Can you Burn Wood in a Gas Fireplace

Can you Burn Wood in a Gas Fireplace

What is a gas fireplace?

A gas fireplace is a complete fireplace that burns either natural or manufactured gas to create the look and feel of an open fire, without any wood smoke or ashes.

“Gas fireplaces do not emit fumes such as soot, tar, sooty ashes, and other pollutants associated with burning wood. They also do not require splitting and stacking wood.”

How does a gas fireplace work?

A gas fireplace has a burner that is lit with a pilot light. The pilot light heats the natural gas or propane gas, causing it to burn. The fire box contains glass doors that allow you to see the ‘fire.’

Can you burn wood in a gas fireplace?

You can definitely burn wood in a gas fireplace! In fact, many people do this to create a more traditional fireplace feel.

Just be sure you have the right type of wood for your gas fireplace, and that you follow the manufacturer’s instructions for doing so.

When you go to buy wood for your fireplace, make sure you ask the seller if it’s suitable for burning in a gas fireplace. Usually, any hardwood will work well in a gas fireplace, but you should avoid softwoods like pine.

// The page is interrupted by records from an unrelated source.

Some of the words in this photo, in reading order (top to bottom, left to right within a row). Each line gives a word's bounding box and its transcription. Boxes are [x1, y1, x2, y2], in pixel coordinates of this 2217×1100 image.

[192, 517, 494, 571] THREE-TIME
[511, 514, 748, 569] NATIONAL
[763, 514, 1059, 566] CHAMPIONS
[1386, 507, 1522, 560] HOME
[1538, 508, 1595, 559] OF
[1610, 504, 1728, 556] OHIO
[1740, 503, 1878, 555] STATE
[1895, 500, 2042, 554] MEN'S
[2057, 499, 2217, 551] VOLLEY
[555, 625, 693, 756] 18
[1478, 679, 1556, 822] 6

There are a few things to keep in mind when burning wood in a gas fireplace. First, make sure the flue is open so that the smoke can escape. You’ll also want to burn seasoned wood to avoid excess creosote and soot.

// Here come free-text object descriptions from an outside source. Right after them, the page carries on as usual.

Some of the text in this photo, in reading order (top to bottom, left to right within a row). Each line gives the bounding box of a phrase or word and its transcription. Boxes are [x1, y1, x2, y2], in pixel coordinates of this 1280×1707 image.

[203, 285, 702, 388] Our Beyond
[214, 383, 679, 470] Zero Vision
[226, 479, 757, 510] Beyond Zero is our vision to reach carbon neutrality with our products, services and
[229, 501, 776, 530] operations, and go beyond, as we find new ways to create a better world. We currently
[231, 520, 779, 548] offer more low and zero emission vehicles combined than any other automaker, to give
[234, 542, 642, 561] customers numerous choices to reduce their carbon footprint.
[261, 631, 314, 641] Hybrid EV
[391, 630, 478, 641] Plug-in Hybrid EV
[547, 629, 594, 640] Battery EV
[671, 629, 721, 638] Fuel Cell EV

Once you get the hang of it, burning wood in a gas fireplace is really no different than burning wood in a regular fireplace, except of course you don’t have to worry about ash or soot.

How do you convert a gas fireplace to burn wood?

To convert a gas fireplace to burn wood, you’ll need to have an open-faced chimney. If you have a closed-combustion system, chances are it won’t work with wood.

But since the vast majority of residential fireplaces are not closed-combustion, they can usually be converted to burn either natural or manufactured gas.

There are two ways to convert to an open-face chimney. One is by inserting a stovepipe through the wall of your house and attaching it directly to your chimney. The other way is by attaching a plenum above the top of your fireplace that draws up all the smoke that would normally go into your chimney.

Whichever way you choose to convert, be sure to follow the manufacturer’s instructions carefully, as there can be serious safety implications if the process is not done correctly.

Hazards of Burning Wood in the Wrong Gas Fireplace

There are a number of hazards that arise from burning wood in a gas fireplace. The first is the increased risk of creosote buildup, which can eventually lead to a chimney fire.

Creosote:

Creosote is a black, tar-like substance that’s created as wood burns and it can easily ignite.

Excessive Smoke:

Another issue is the excessive smoke that’s produced from burning wood in a gas fireplace.

The increased level of smoke in your living space can be irritating and cause respiratory problems for you and anyone else who spends time in the room with the fireplace.

If you use a lot of wood or have a really large patio, then there may also be an issue with the size of your chimney.

If you have an unusually large chimney, the wood smoke can cause it to fill up with soot. The extra weight of all that soot may be enough to weaken the chimney and cause it to collapse.

Be sure to take all of these hazards into consideration before deciding whether or not to burn wood in your gas fireplace.